While most of the sports world is distracted these days by the NCAA basketball March Madness, the Cincinnati Reds are engaged in their own version of March Madness.

Trying to find more than warm bodies to fill the starting rotation is maddening.

For most of spring training, Amir Garrett has been saying “Why not me?” with some eye-opening performances.

It was not one of those days Sunday.

ALTHOUGH THE REDS WHOMPED the San Diego Padres, 9-4, Garrett was not impressive other than an ability to wiggle out of a few problems.

Garrett pitched five innings and gave up three runs, eight hits, walked one and struck out only one.

As has been the habit, both last season and during the spring exhibition season, Reds pitchers have difficulties getting out of the first inning.

Such was the case, too, for Garrett, even though he retired the first two Padres in the first. Then he gave up his only walk to Will Myers and Hunter Renfroe homered.

Over his last four innings Garrett gave up up only one more run but yielded seven hits.

ROBERT STEPHENSON, ANOTHER rotation candidate, followed Garrett and after a shaky start he made a loud statement.

He took over in the sixth and walked the first batter he faced, then threw two wild pitches.

But he pitched four innings and gave up one run, three hits, walked just the first batter he faced, and struck out five. That should push him back into the mix after spending most of the spring on the fringes.

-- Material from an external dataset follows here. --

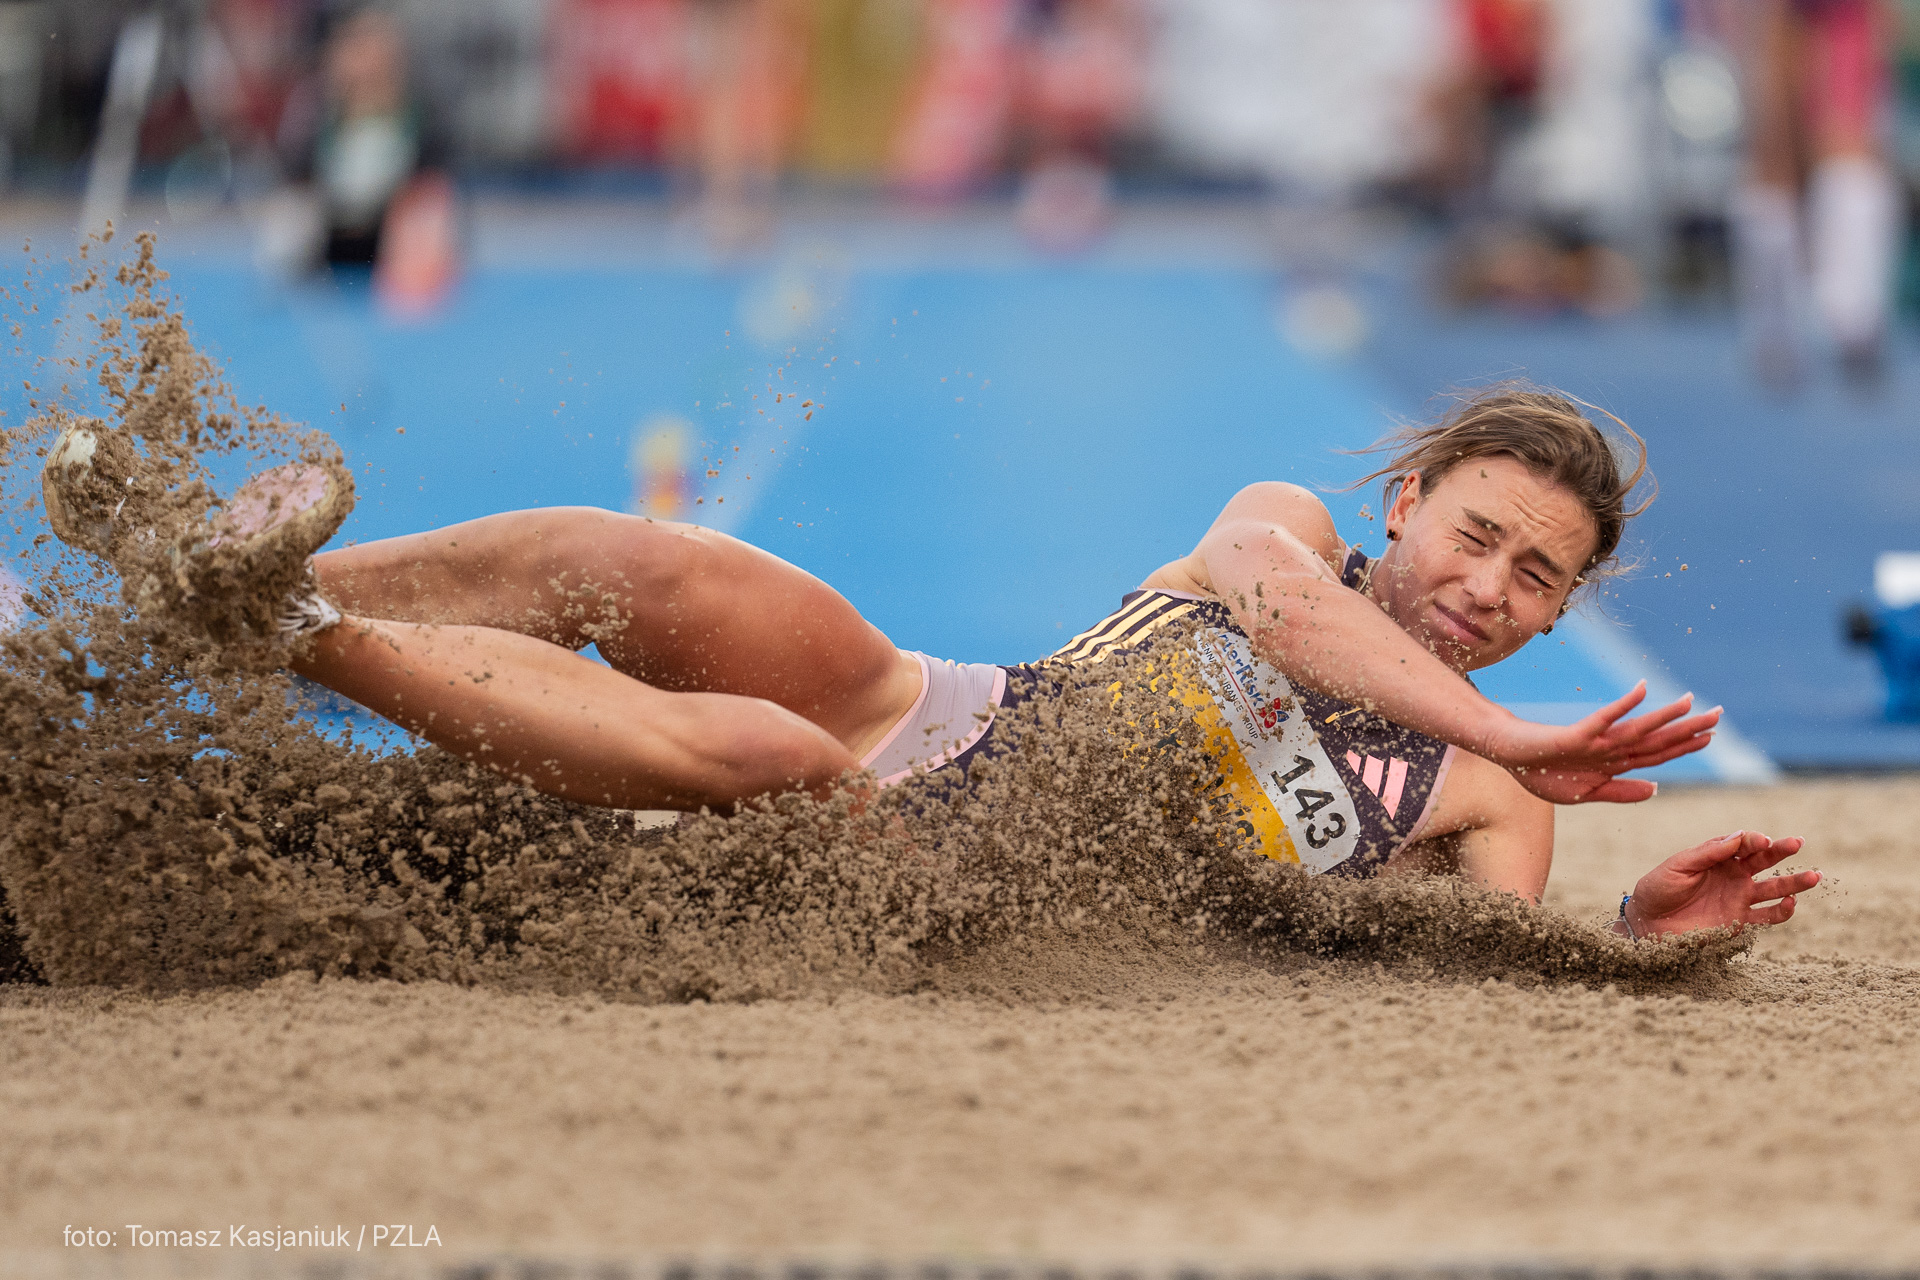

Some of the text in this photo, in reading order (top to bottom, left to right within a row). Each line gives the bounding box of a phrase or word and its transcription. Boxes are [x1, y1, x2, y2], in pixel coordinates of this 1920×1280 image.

THE OTHER ROSTER BATTLE concerns bench players, where the Reds were mostly inept last season.

After Garrett gave up two in the first, the Reds tied it, 2-2, in the top of second when Scott Schebler singled, outfield candidate Desmond Jennings ripped a run-scoring double and first base/outfield candidate Christian Walker doubled to tie it.

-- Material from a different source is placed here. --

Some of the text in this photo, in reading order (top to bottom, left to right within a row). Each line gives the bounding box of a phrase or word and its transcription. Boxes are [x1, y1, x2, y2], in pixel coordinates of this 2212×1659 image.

San Diego took a 3-2 lead in the bottom of the second against Garrett on two singles and a sacrifice fly.

AND THAT’S WHERE IT stood until the sixth when the Padres put Andre Rienzo on the mound.

The Reds scored four times, highlighted by a three-run home run by Schebler, trying to anchor his spot as the team’s starting right fielder.

The inning began with a Jose Peraza single and walks to Zack Cozart and Eugenio Suarez, filling the bases with no outs.

The tying run scored on Adam Duvall’s ground ball and Schebler unloaded his three-run shot over the right-center wall. Schebler, hitting .279 after a slow start, drove in three runs and scored two.

The Padres scored their only run off Stephenson in the seventh when Hector Sanchez hit a two-out, nobody-on home run to right field, cutting the Reds lead to 6-4.

BUT THE REDS PUT IT away in the eighth with three runs. The inning began with two guys vying for those bench spots hitting back-to-back home runs — Patrick Kivlehan and Jesse Winker. Catcher Rob Brantly later doubled home the final run.

Kivlehan, who can play nearly every position on the field, is hitting .378 with two homers. Winker is hitting .297 with one home run.

The Reds unleashed 13 hits that included four doubles and three home runs. Schebler and Peraza each contributed two hits.